Aisha
Hace unos días, estuve con Aisha, y es de las pocas veces que esta casa me ha defraudado. Seré imparcial:
La chica la verdad que mona, decente de cara, con un largo y liso pelo castaño. Lo único que falla es la altura, pues es un tapón. Con suerte llega al 1.65m. Cuerpo tonificado, demasiado diría yo. Es muy delgada. Depilada de cejas para abajo. Culo bueno, no muy grande pero proporcionado teniendo en cuenta su altura y peso. Piel morena, muy suave, decorado con numerosos tatuajes, donde destaco uno donde pone su nombre y otro a Micky Mouse(con color y todo). La única pega, son esas aerolas que tiene, son de silicona...
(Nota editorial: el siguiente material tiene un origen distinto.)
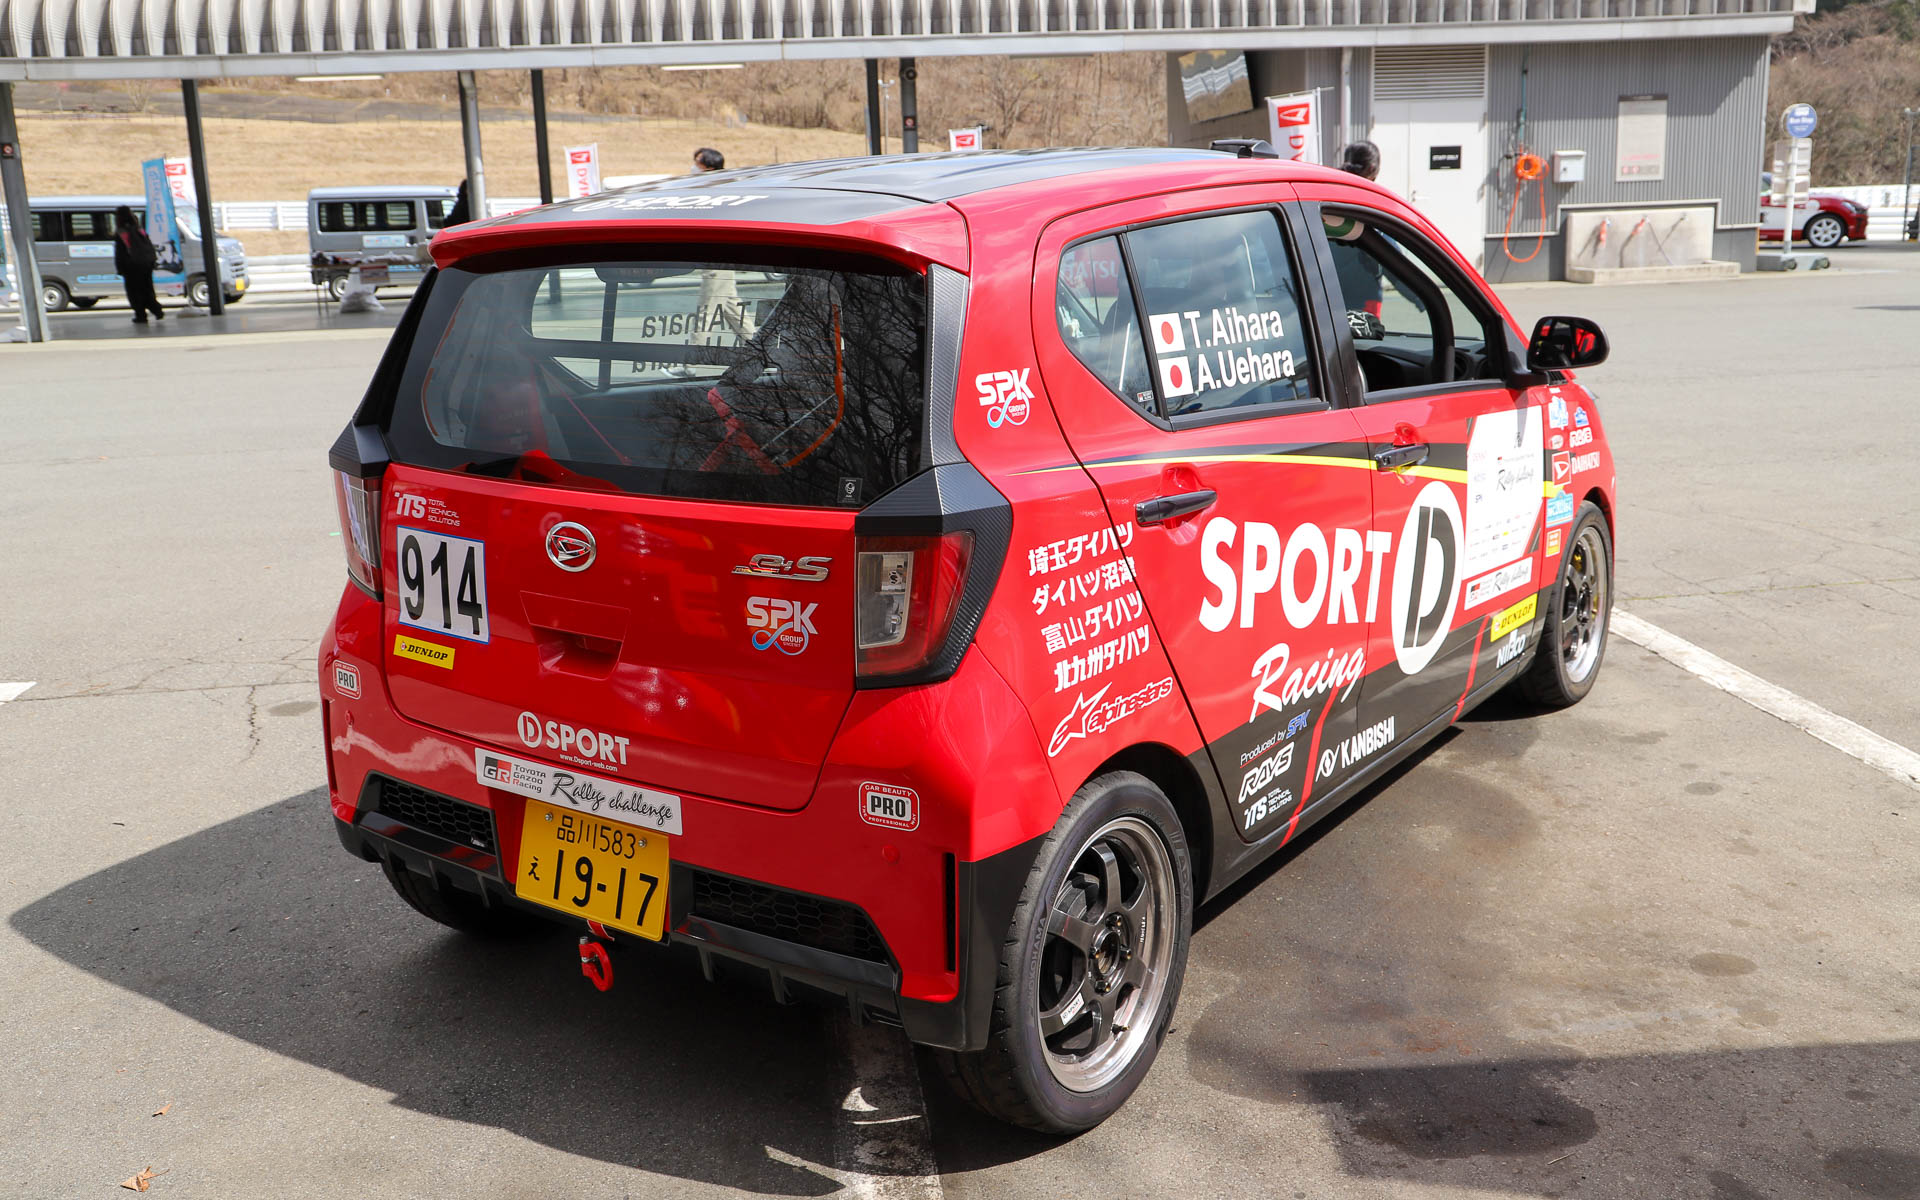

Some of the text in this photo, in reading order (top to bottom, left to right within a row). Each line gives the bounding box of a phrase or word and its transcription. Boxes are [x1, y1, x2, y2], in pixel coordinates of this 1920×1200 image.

Ducha de rigor. Últimamente no proporcionan bebida, no se porqué. Tras la ducha, comienzo los preliminares. Yo la verdad, calzo normalito, pero en cunnilingus soy un campeón. Lengua arriba, lengua abajo, algún que otro dedo. Bueno, tras un rato, empieza a gemir como una gata en celo, con el cuerpo entero retorciéndose, y se corre, dejando un buen charco. Hasta aquí, bien. Ahora empieza lo bueno. Cuando le pido que me devuelva el favor, va y me pone la goma. Yo, que a mi no me la meten doblada:"Vade retro, ruski. Usted va con el automático. Primero salude al soldado, y luego cabalguelo". Bien, aquí ya los problemas de idioma, que vienen cuando les conviene, aflora. Que si no te entiendo, que si no hablo inglés, y me suelta frases en ruso suelto... Le digo/señalo que me la chupe sin goma, a lo que replica que ni hablar. Que si quiero eso, apoquine 30 euros más. Yo aquí, en vez de ser amable(léase pagafantas) debería haber bajado y reclamado. Bueno, pues tras un rato de tira y afloja, un servidor se harta, y amenaza con bajar a hablar con la encargada. Rápidamente se levanta la susodicha, a "consultar una cosa", y vuelve, para esta vez sí, darle algún achuchon al calippo sin látex de por medio. Yo, obviamente no estaba del mejor humor. Habían pasado 25 minutos de los 45 contratados, la ruski me habría soltado algún improperio en la lengua de Dostoievski; así pues el amigo se desanimo. A mi me mira, fijamente, y me dice que qué pasa. Y me empieza a semiestrujar los huevines, a la par que me dice que sonría con la cara de odio/rabia contenida más real que he visto. Ya esto es el acabose. Inmediatamente me incorporo, le digo que si esto le disgusta, que se dedique a servir platos o a trabajar de dependiente o a freír espárragos. Sube la encargada. La verdad, la casa, estando yo ahí, todo correcto: Que si tengo razón, que si esto sucede vaya a reclamar inmediatamente... Lo típico. A mi me han prometido que me iban a llamar dándome una solución /compensación (me fui antes de tiempo). Aquí me hallo a la espera. Obviamente no me van a llanar,y yo esto ya lo supe cuando salí del piso. Solo quiero aprovechar para decir que a ver si se esmeran en el futuro. Yo acudo a pocas casa, por no decir ninguna excepto esta, y pocas veces me ha decepcionado, y no creo que me pierdan como cliente. Pero hay posibilidad de mejora.